§ **WHAT IS REQUIRED**: The answer must repeat every record exactly, with all pictures omitted.

* * *

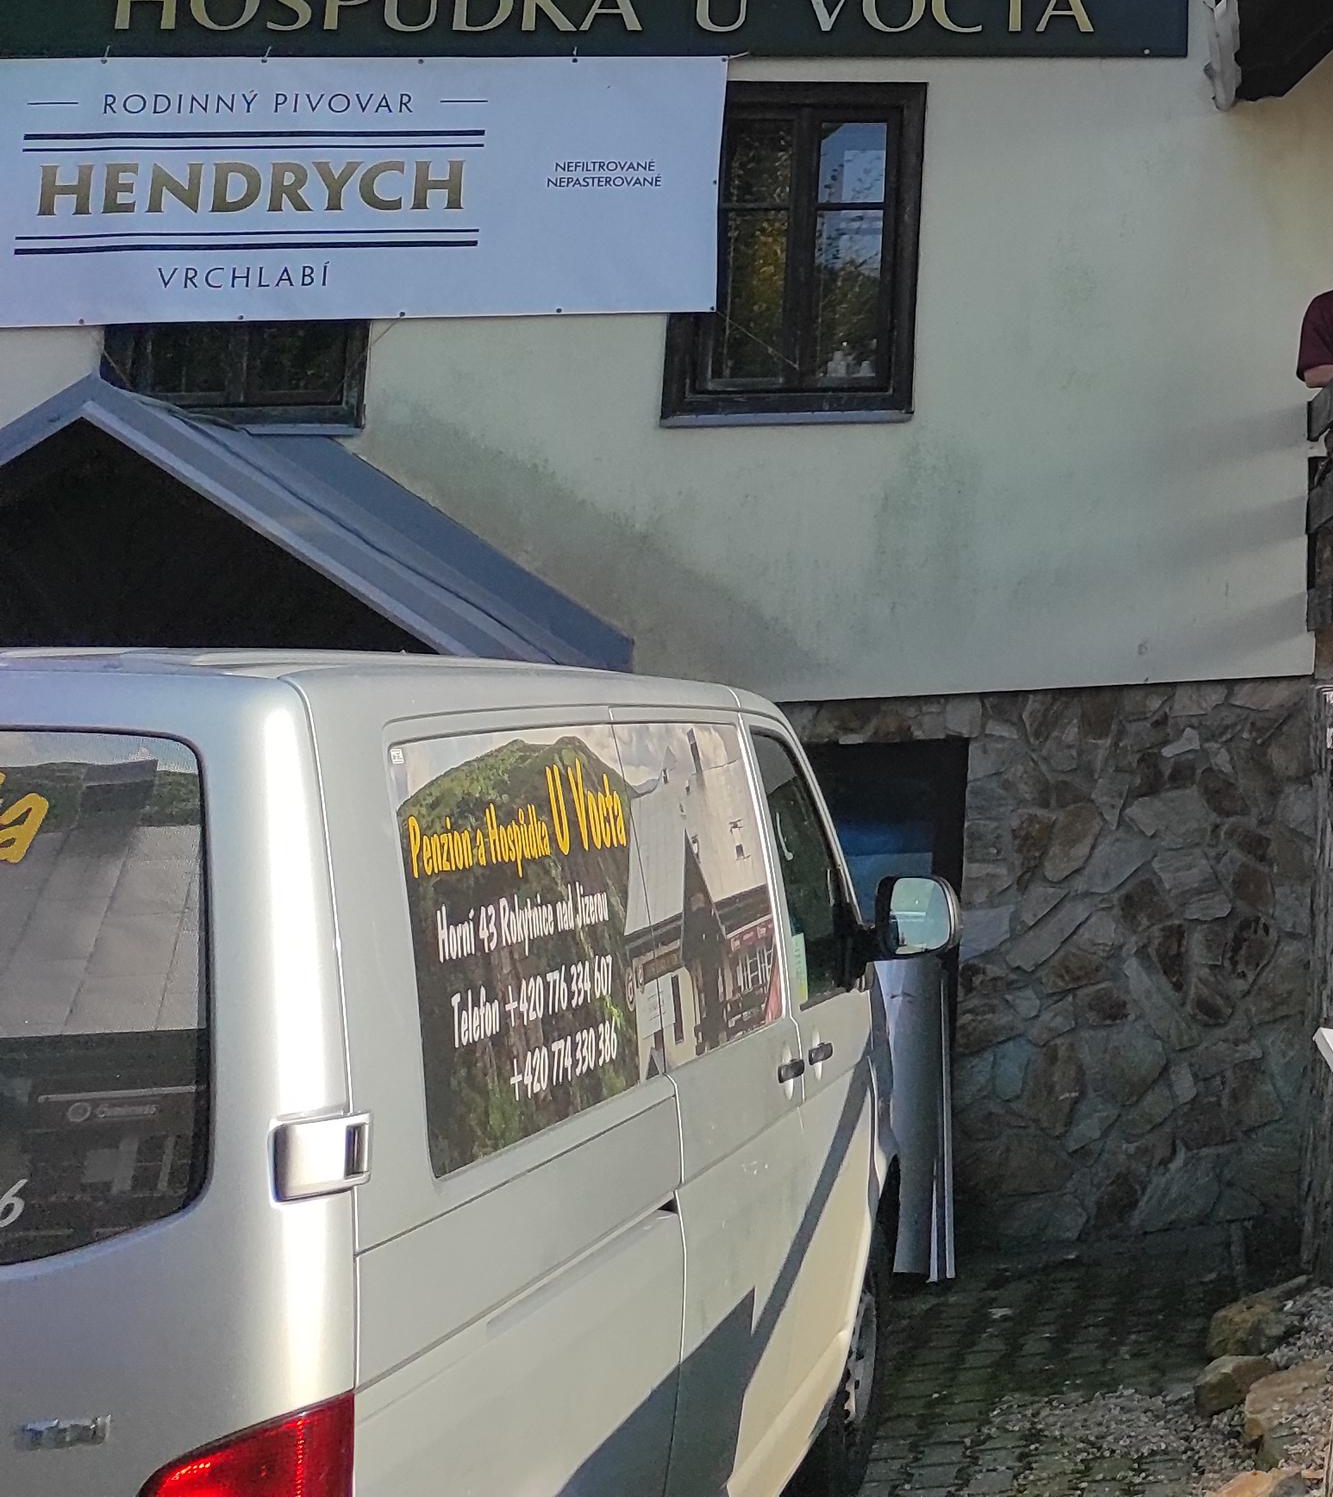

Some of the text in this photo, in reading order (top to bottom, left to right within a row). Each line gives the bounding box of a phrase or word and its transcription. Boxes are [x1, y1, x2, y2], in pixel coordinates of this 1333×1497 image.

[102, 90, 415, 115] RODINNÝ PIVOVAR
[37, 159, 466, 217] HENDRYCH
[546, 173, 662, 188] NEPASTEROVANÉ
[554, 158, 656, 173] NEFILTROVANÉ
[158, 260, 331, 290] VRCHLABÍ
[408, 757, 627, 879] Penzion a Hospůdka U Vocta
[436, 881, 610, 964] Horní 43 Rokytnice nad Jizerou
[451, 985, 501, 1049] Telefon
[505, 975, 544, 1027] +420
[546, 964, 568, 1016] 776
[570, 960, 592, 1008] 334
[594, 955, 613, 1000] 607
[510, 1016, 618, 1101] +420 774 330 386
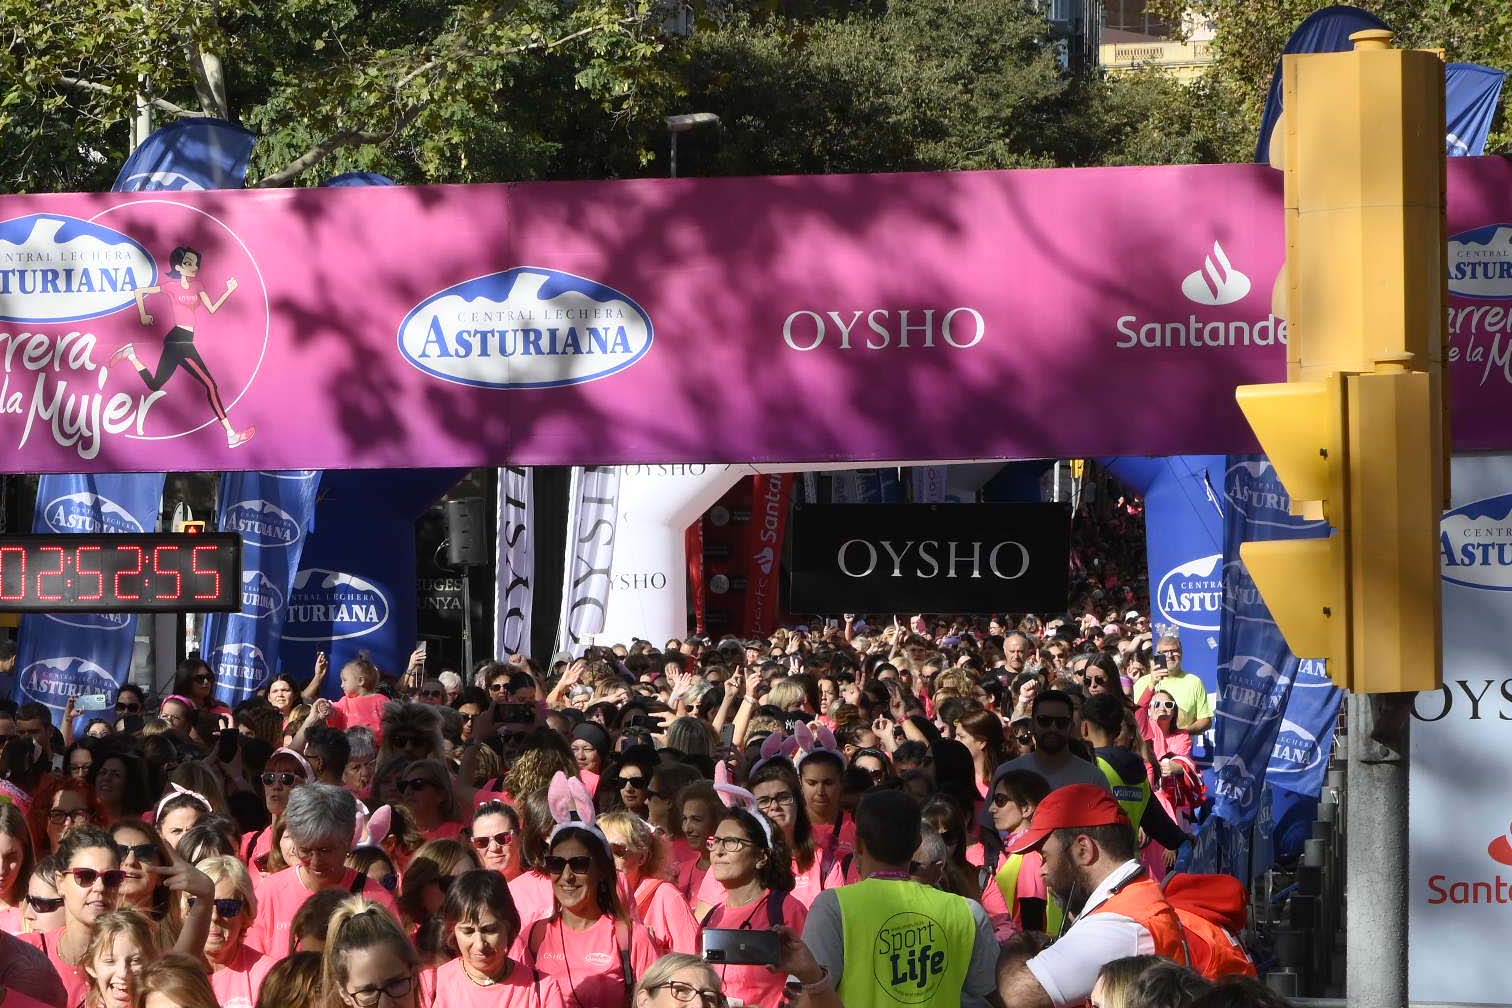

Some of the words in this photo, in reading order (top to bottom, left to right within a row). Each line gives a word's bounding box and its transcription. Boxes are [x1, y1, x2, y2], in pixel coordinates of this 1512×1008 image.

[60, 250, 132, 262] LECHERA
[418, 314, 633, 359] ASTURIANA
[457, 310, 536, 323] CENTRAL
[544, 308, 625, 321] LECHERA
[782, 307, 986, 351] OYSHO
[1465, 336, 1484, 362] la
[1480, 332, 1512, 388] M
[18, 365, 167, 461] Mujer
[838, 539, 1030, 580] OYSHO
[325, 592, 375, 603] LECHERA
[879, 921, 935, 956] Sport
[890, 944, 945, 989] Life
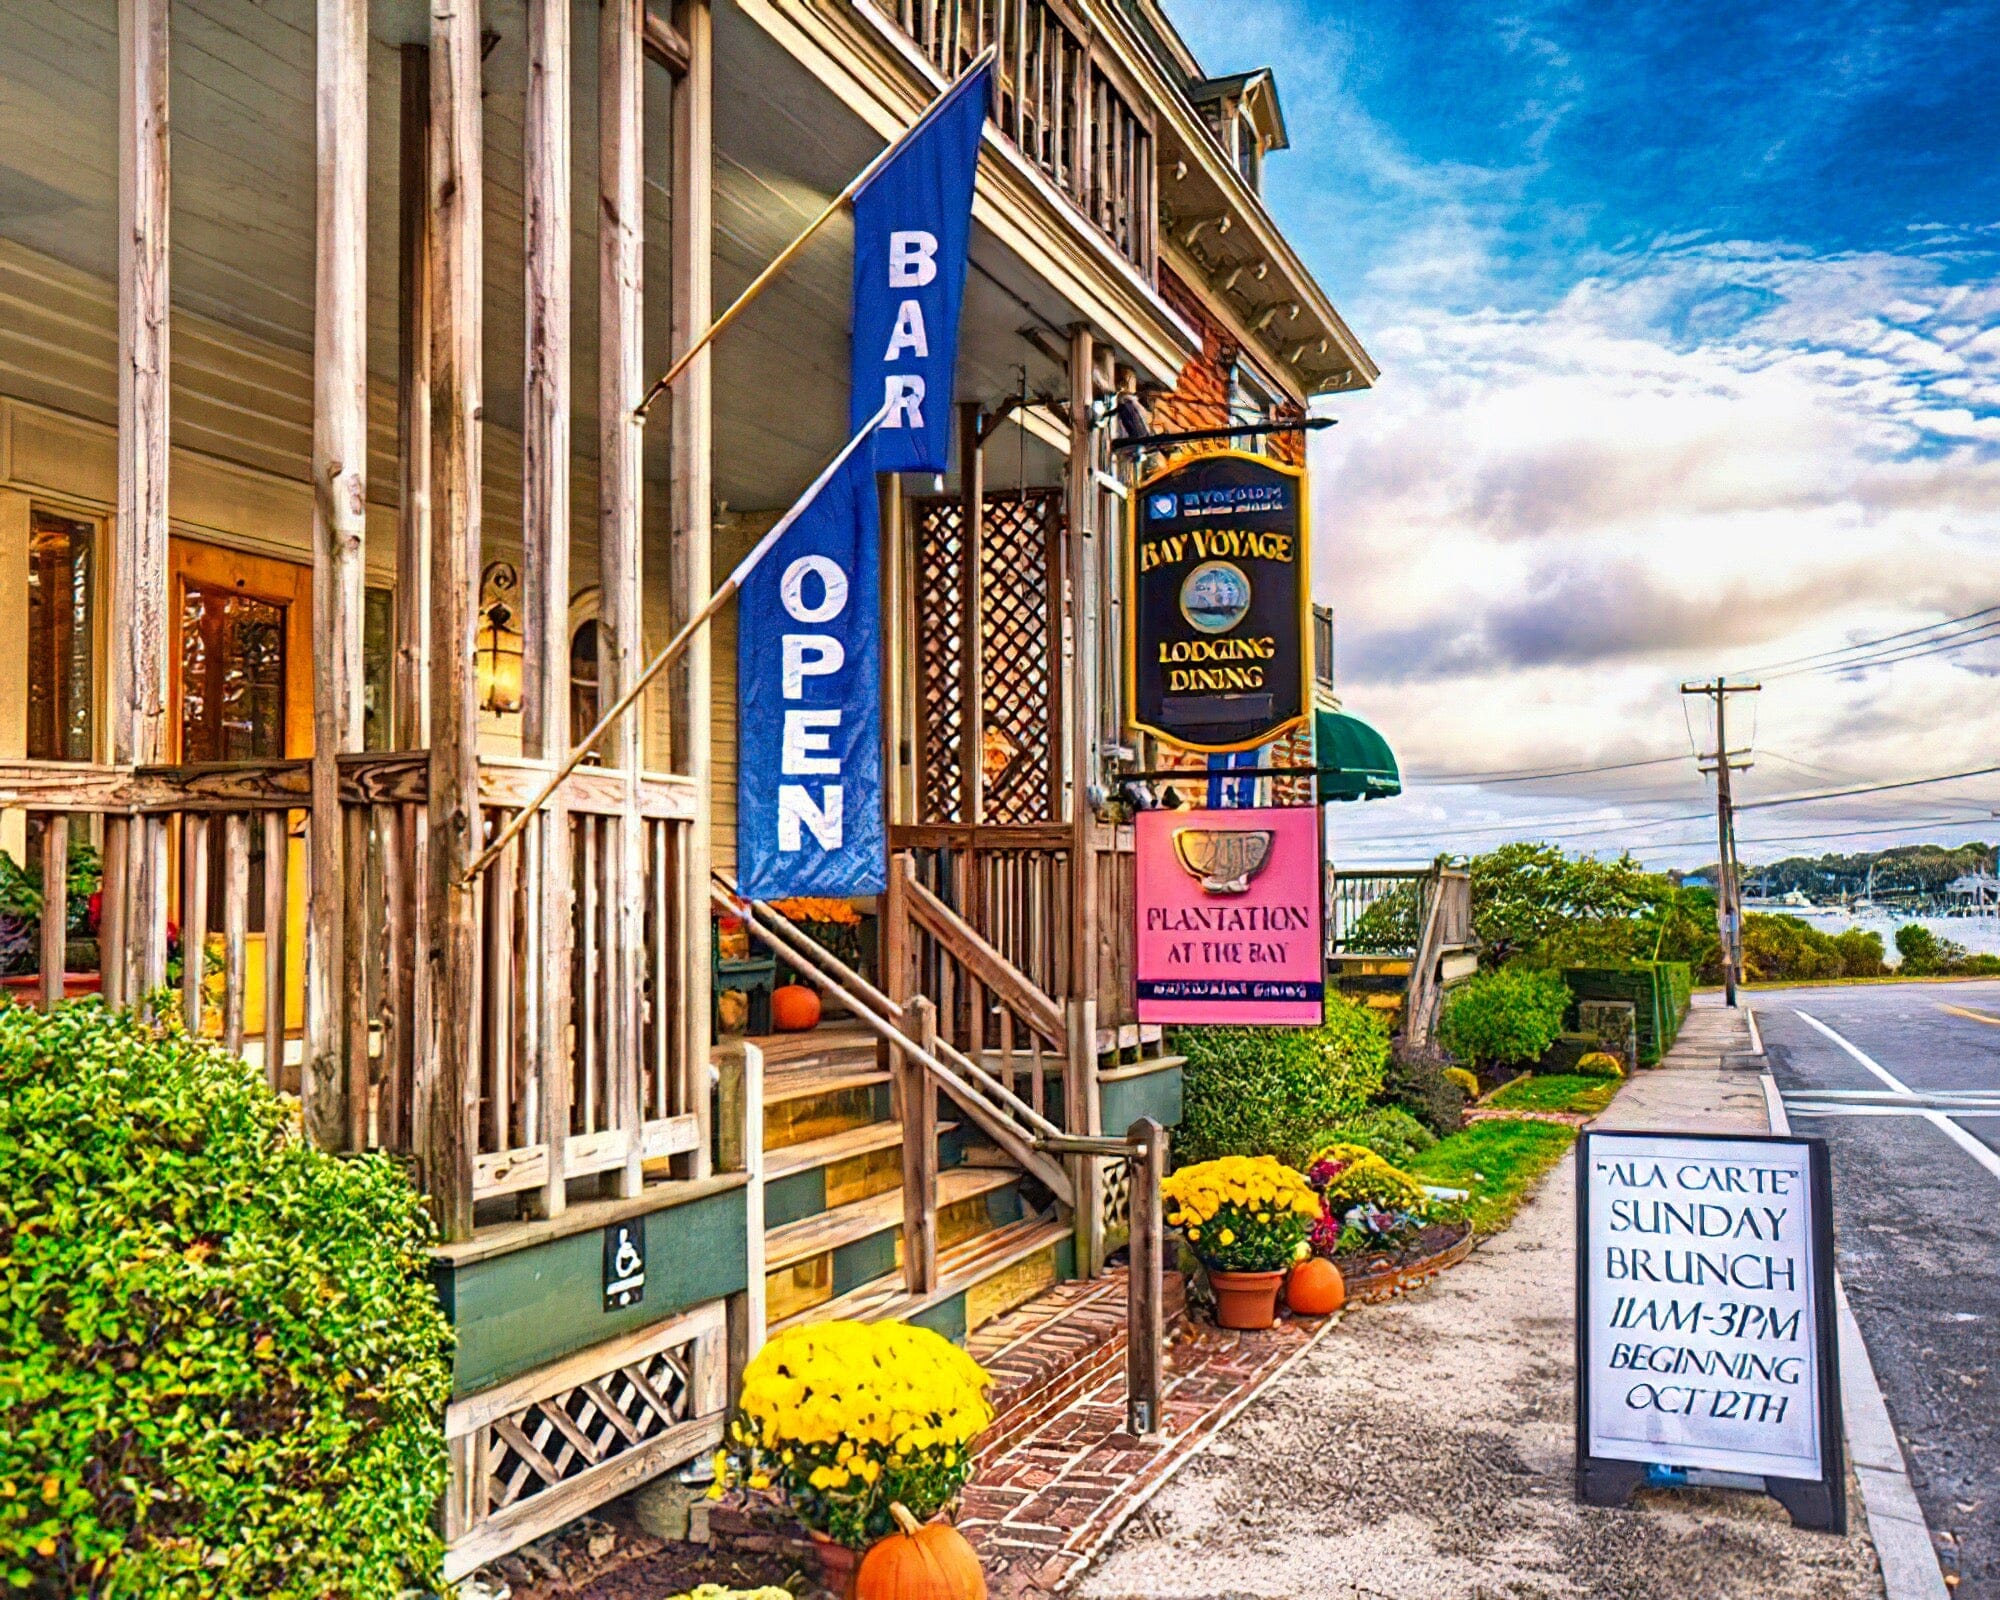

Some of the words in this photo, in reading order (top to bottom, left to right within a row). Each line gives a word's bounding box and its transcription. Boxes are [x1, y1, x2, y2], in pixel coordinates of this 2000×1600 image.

* * *

§ **TASK ANSWER**:
Some of the text in this photo, in reading order (top to bottom, left to right within a row). Each line gives the bounding box of a phrase or word and its transcription. Boxes are [x1, y1, x2, y2], in pixel coordinates of this 1333×1497 image.

[102, 90, 415, 115] RODINNÝ PIVOVAR
[37, 159, 466, 217] HENDRYCH
[546, 173, 662, 188] NEPASTEROVANÉ
[554, 158, 656, 173] NEFILTROVANÉ
[158, 260, 331, 290] VRCHLABÍ
[408, 757, 627, 879] Penzion a Hospůdka U Vocta
[436, 881, 610, 964] Horní 43 Rokytnice nad Jizerou
[451, 985, 501, 1049] Telefon
[505, 975, 544, 1027] +420
[546, 964, 568, 1016] 776
[570, 960, 592, 1008] 334
[594, 955, 613, 1000] 607
[510, 1016, 618, 1101] +420 774 330 386

Some of the words in this photo, in reading order (top to bottom, left to right within a row). Each line gives a word's bounding box and its transcription. Boxes are [x1, y1, x2, y2], in pixel coordinates of this 1512×1008 image.

[60, 250, 132, 262] LECHERA
[418, 314, 633, 359] ASTURIANA
[457, 310, 536, 323] CENTRAL
[544, 308, 625, 321] LECHERA
[782, 307, 986, 351] OYSHO
[1465, 336, 1484, 362] la
[1480, 332, 1512, 388] M
[18, 365, 167, 461] Mujer
[838, 539, 1030, 580] OYSHO
[325, 592, 375, 603] LECHERA
[879, 921, 935, 956] Sport
[890, 944, 945, 989] Life

Some of the words in this photo, in reading order (top to bottom, left to right within a row). Each line gives a word's bounding box and its transcription. Boxes are [x1, y1, x2, y2], in pixel coordinates of this 2000×1600 image.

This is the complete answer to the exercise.